Jahr­gang 1963, appro­bier­te Kinder- und Jugend­li­chen­psycho­thera­peu­tin sowie sys­te­mi­sche Super­vi­so­rin (DGSv u. IFW). Ab­ge­schlos­se­ne Weiter­bil­dung in Ge­sprächs­psycho­thera­pie (GwG) und sys­te­mi­scher Familien­thera­pie (IFW). Lang­jähri­ge Berufs­er­fah­rung in ver­schie­de­nen beruf­li­chen Kon­tex­ten wie Super­vi­sion, am­bu­lan­te Be­ra­tung und Be­hand­lung, Pro­jekt­lei­tung, Lehr­tä­tig­keit und Coaching.

Seit 1991 bin ich Mit­ar­bei­te­rin der Drogen- und Jugend­be­ra­tungs­stel­le des AKRM e. V. in Teil­zeit, seit 1998 ver­ant­wort­lich für den Bereich der Ange­hö­ri­gen­arbeit und Familien­be­hand­lung, sowie zu­stän­dig für die Schwer­punk­te am­bu­lan­te Reha­bi­li­ta­tion, Thera­pie und Nach­sor­ge, auch in ital­ie­ni­scher Spra­che. Im Wesent­li­chen ar­bei­te ich hier nach ei­nem sys­te­mi­schen Kon­zept mit den El­tern und Fami­li­en, die Schwie­rig­kei­ten im Um­gang mit ihren heran­wach­sen­den Kin­dern ha­ben – sei es drogen-, gewalt- oder ab­lö­sungs­be­dingt.
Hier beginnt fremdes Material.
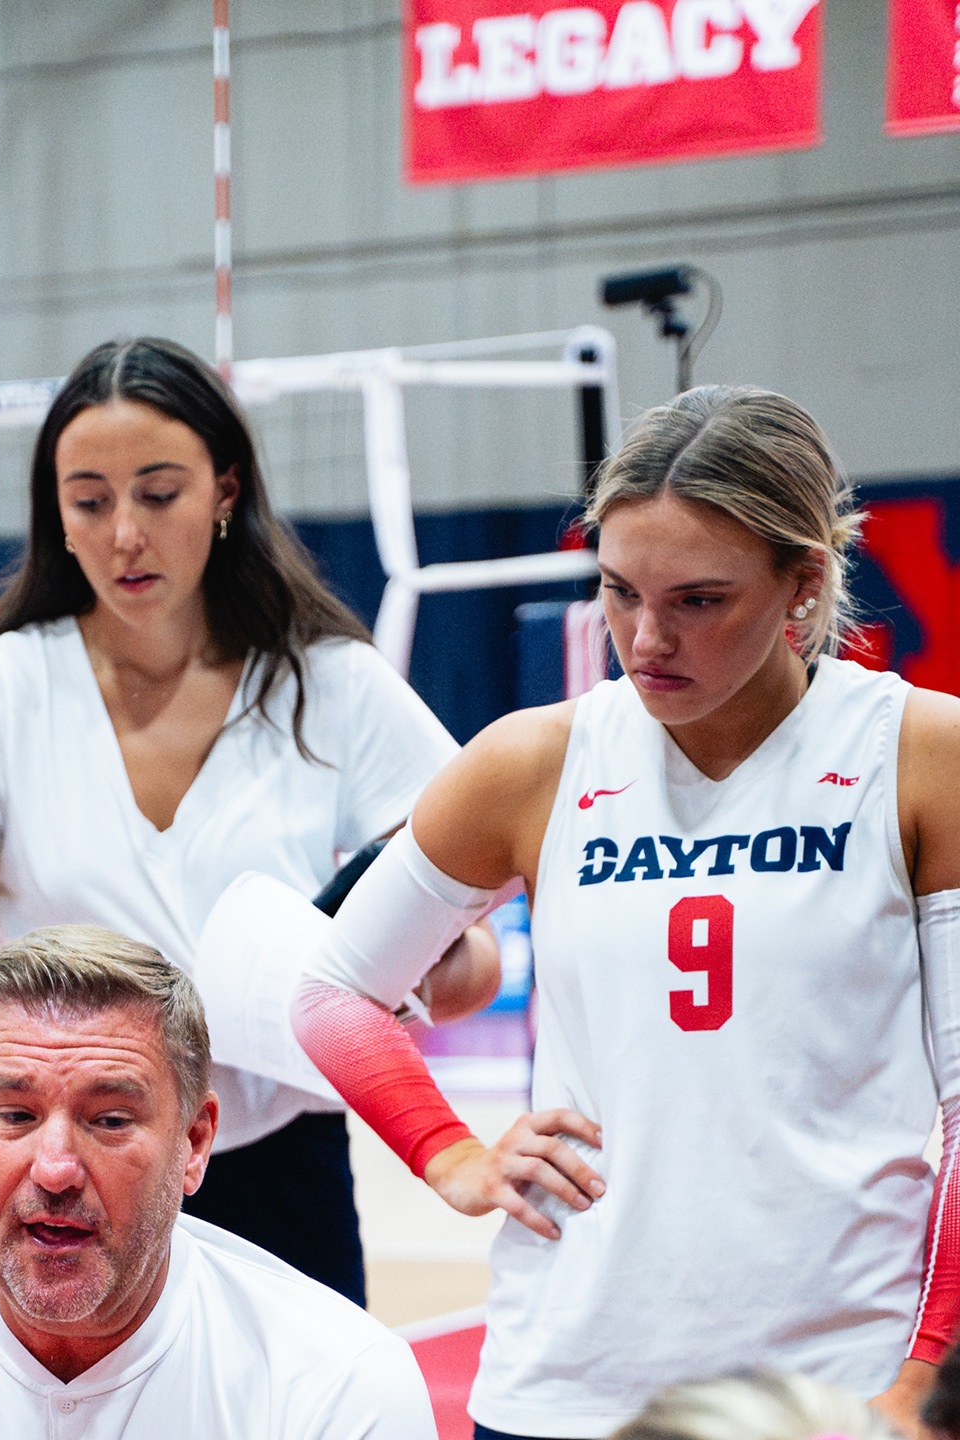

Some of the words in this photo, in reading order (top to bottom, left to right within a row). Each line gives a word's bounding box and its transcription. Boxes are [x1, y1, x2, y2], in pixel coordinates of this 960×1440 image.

[415, 0, 819, 109] LEGACY
[577, 821, 853, 887] DAYTON
[667, 893, 735, 1032] 9
Ich unter­stüt­ze Eltern da­rin, dass sie ihre elter­li­che Prä­senz bes­ser wahr­neh­men kön­nen und sich kom­pe­tent und sicher im Um­gang mit ih­ren Kin­dern füh­len. Den Jugend­li­chen ste­he ich zur Sei­te, da­mit sie ler­nen, für ihre Be­dürf­nis­se ein­zu­ste­hen und für ih­ren Weg eigen­ver­ant­wort­lich Ent­schei­dun­gen zu tref­fen. Für Multi­pli­ka­to­ren bie­te ich Super­vi­sion, Coaching und Fort­bil­dun­gen an, in Einzel­fäl­len auch Ent­wick­lungs­pro­zes­se (z. B. für Schulen).